■ Work to be completed:
Exact copies of the lines below are the goal; any images in them are dropped.

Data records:
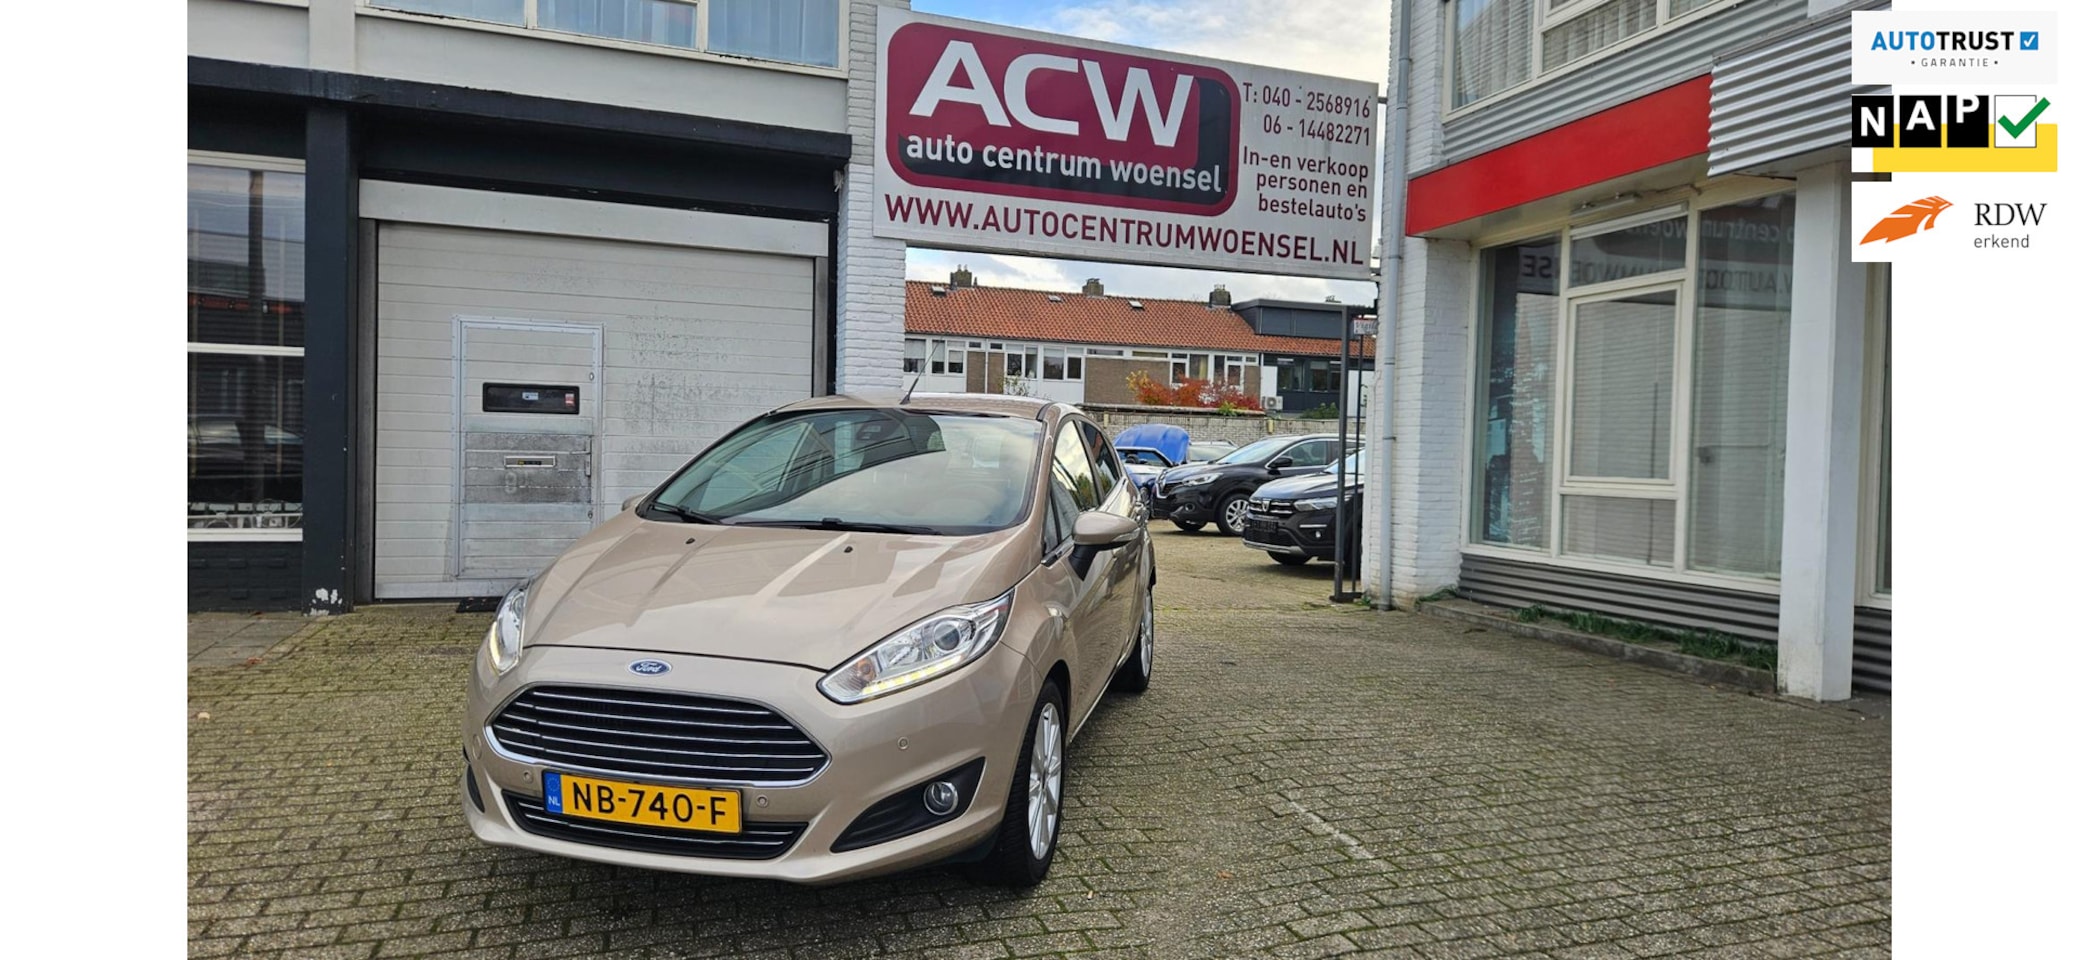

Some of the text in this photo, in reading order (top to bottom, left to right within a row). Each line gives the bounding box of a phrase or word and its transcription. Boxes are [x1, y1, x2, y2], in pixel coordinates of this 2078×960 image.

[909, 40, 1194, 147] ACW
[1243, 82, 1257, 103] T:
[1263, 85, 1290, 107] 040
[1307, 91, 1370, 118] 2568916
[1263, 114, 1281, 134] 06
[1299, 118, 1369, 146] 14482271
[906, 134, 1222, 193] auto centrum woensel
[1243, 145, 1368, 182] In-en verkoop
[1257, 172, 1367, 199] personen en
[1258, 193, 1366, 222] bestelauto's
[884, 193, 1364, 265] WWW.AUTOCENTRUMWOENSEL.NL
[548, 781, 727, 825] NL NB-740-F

■ Output of the task:
Some of the text in this photo, in reading order (top to bottom, left to right within a row). Each line gives the bounding box of a phrase or word and its transcription. Boxes are [x1, y1, x2, y2], in pixel coordinates of this 2078×960 image.

[909, 40, 1194, 147] ACW
[1243, 82, 1257, 103] T:
[1263, 85, 1290, 107] 040
[1307, 91, 1370, 118] 2568916
[1263, 114, 1281, 134] 06
[1299, 118, 1369, 146] 14482271
[906, 134, 1222, 193] auto centrum woensel
[1243, 145, 1368, 182] In-en verkoop
[1257, 172, 1367, 199] personen en
[1258, 193, 1366, 222] bestelauto's
[884, 193, 1364, 265] WWW.AUTOCENTRUMWOENSEL.NL
[548, 781, 727, 825] NL NB-740-F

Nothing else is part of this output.